Stored data entries
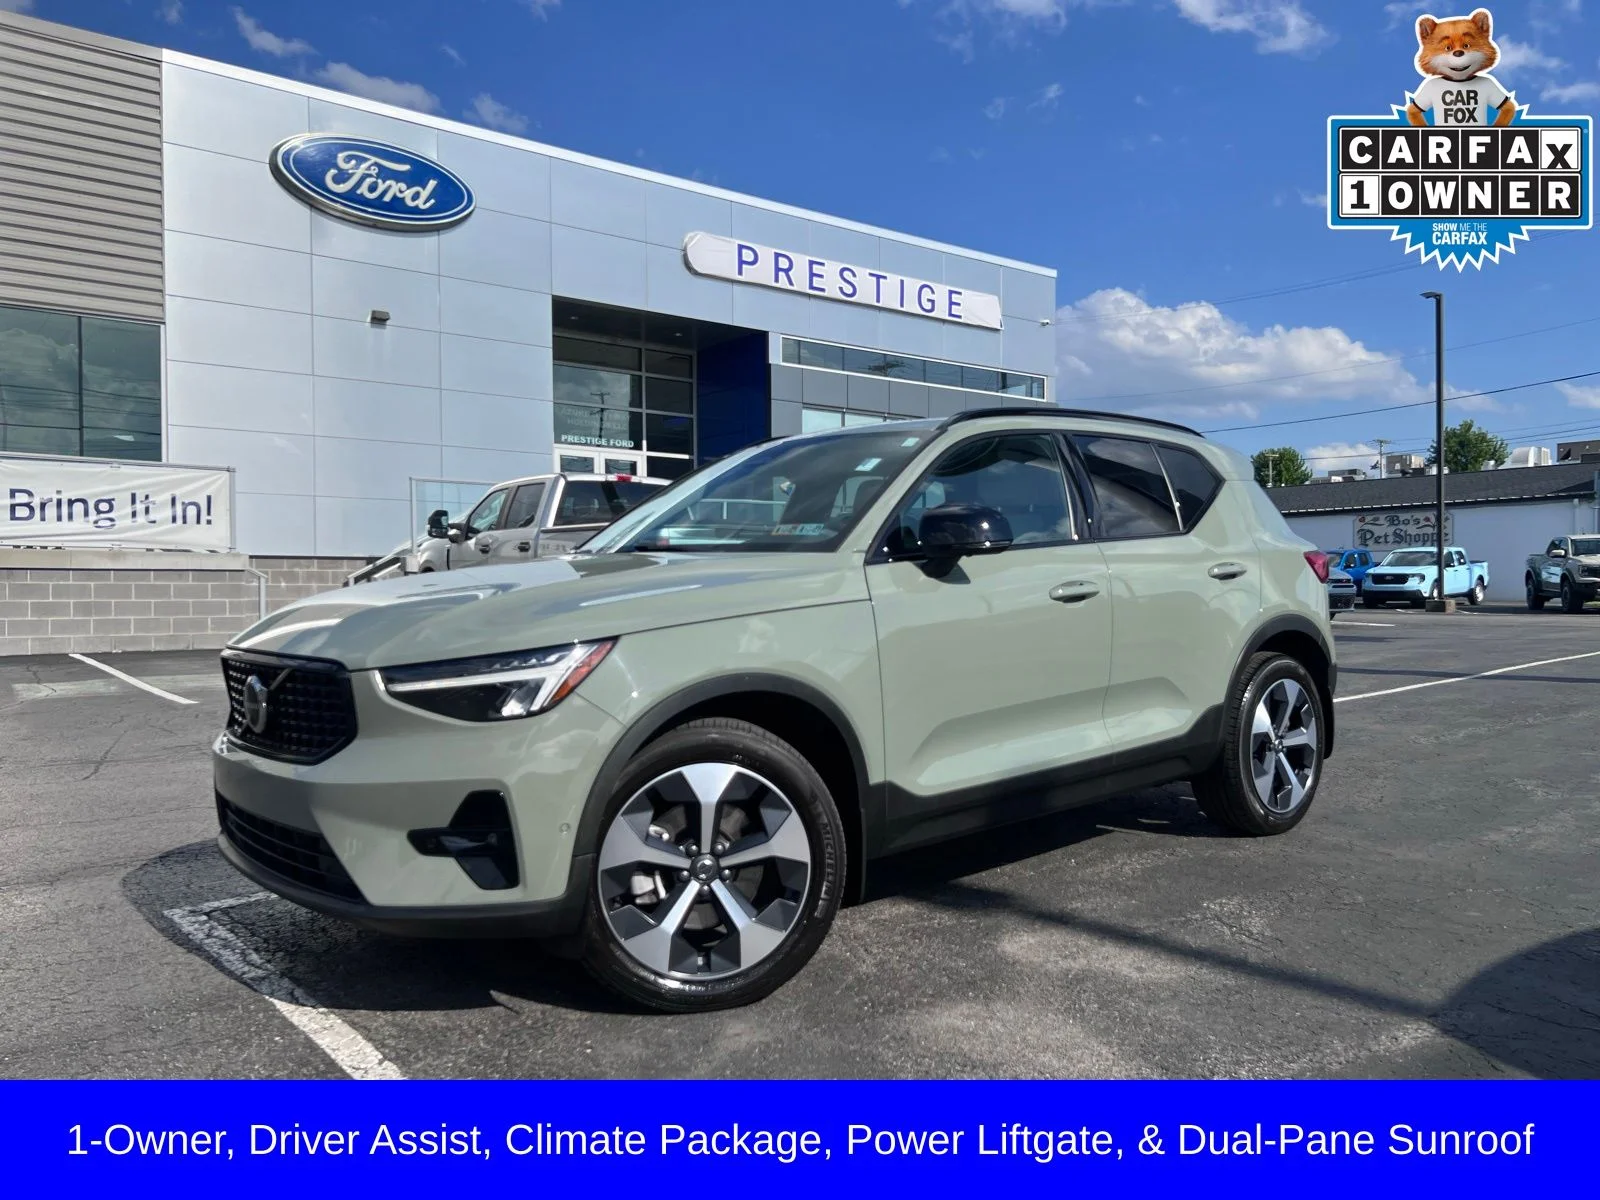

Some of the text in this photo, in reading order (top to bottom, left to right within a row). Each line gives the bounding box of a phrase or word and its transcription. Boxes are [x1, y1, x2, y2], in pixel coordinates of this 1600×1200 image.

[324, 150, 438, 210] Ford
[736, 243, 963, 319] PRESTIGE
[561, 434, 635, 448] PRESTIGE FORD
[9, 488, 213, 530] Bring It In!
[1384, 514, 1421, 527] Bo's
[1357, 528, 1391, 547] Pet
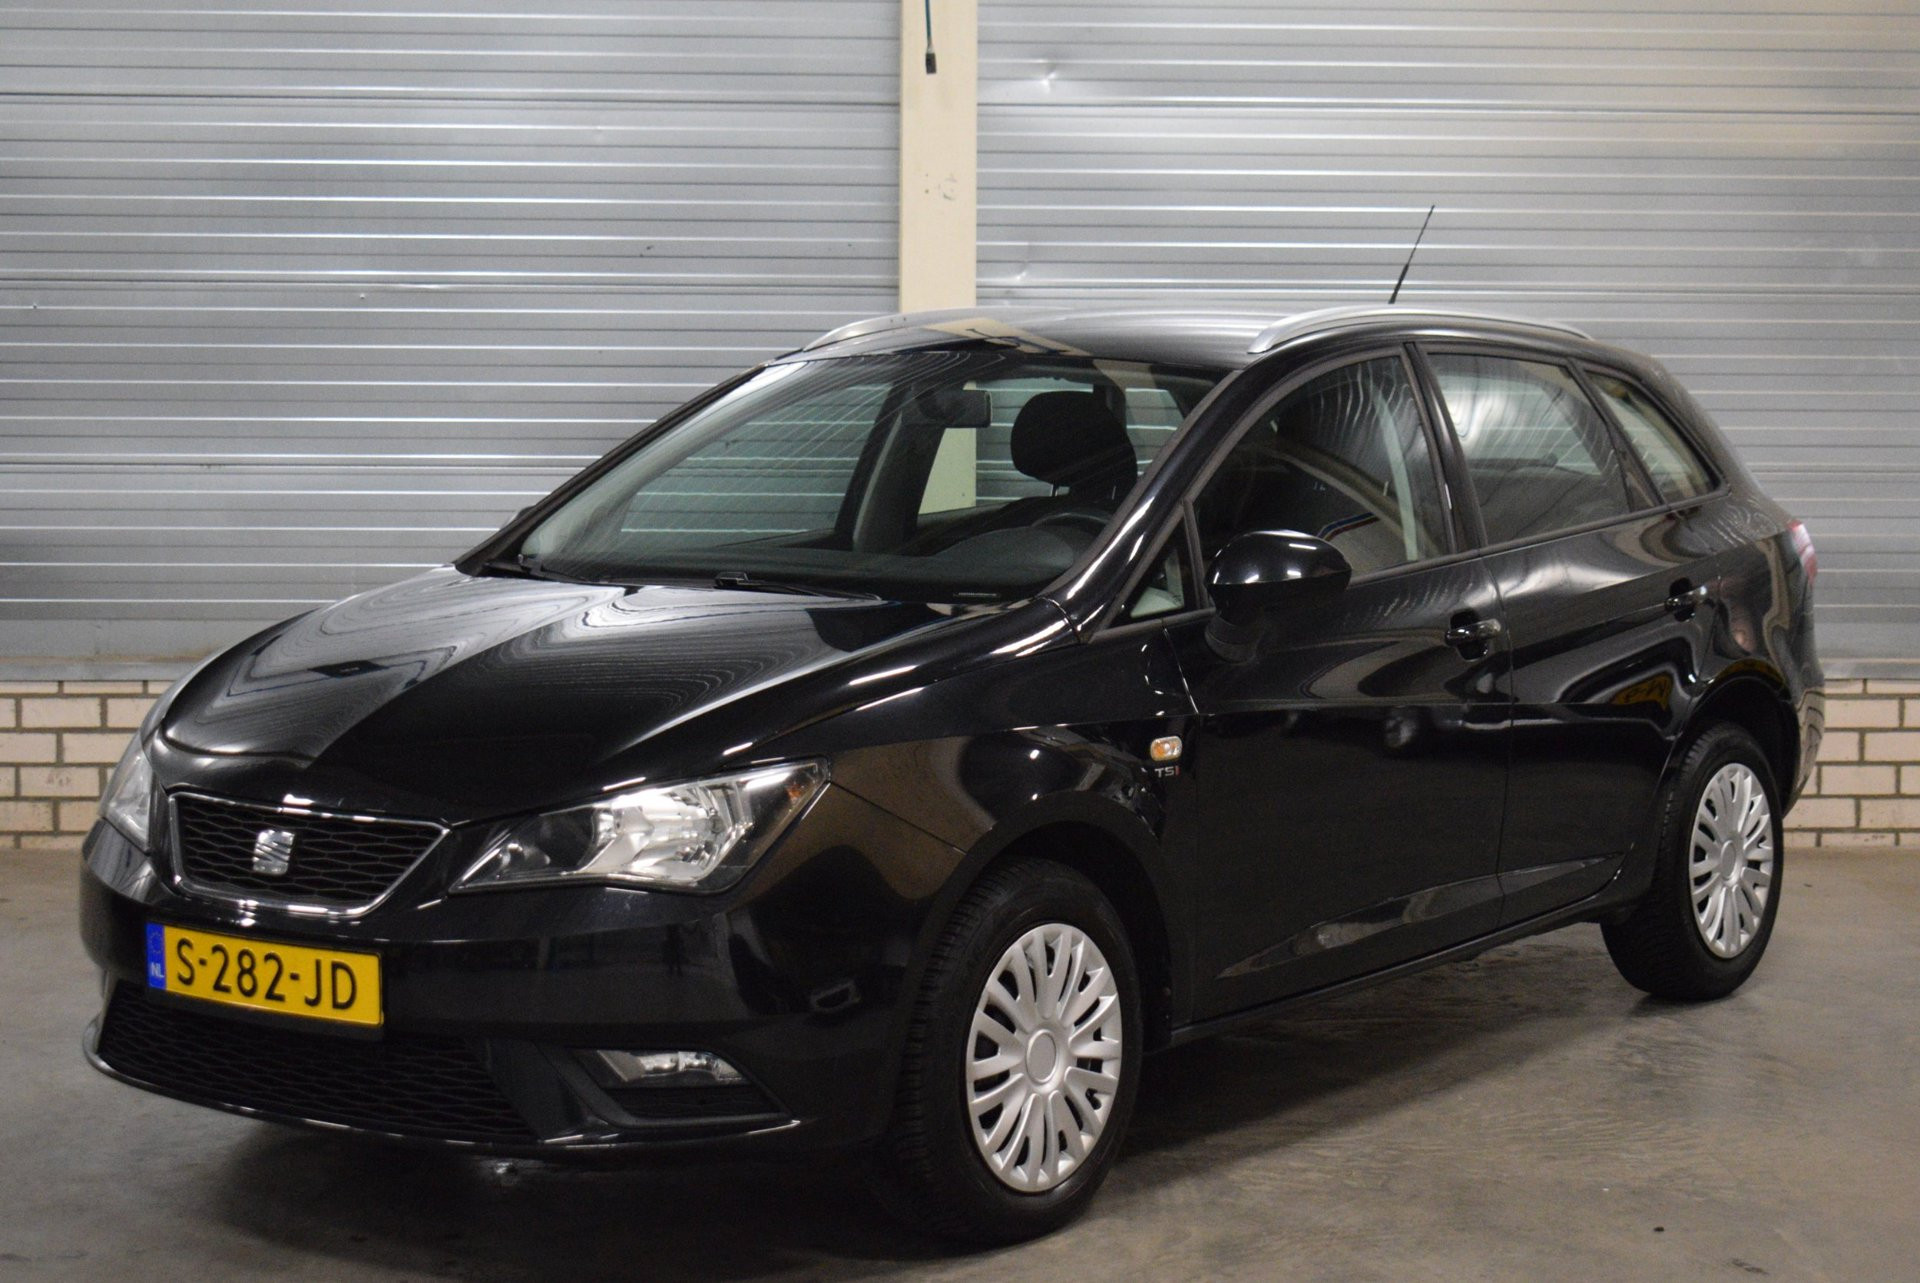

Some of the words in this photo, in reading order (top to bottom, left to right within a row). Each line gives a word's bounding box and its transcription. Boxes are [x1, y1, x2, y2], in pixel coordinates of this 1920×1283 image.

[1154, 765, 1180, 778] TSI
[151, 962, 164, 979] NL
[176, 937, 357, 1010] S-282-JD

# Exercise:
Although the records above contain pictures, your copy should give only their text, exactly as written.

# Response:
Some of the text in this photo, in reading order (top to bottom, left to right within a row). Each line gives the bounding box of a phrase or word and its transcription. Boxes are [x1, y1, x2, y2], in pixel coordinates of this 1600×1200 image.

[324, 150, 438, 210] Ford
[736, 243, 963, 319] PRESTIGE
[561, 434, 635, 448] PRESTIGE FORD
[9, 488, 213, 530] Bring It In!
[1384, 514, 1421, 527] Bo's
[1357, 528, 1391, 547] Pet

Some of the words in this photo, in reading order (top to bottom, left to right within a row). Each line gives a word's bounding box and its transcription. Boxes are [x1, y1, x2, y2], in pixel coordinates of this 1920×1283 image.

[1154, 765, 1180, 778] TSI
[151, 962, 164, 979] NL
[176, 937, 357, 1010] S-282-JD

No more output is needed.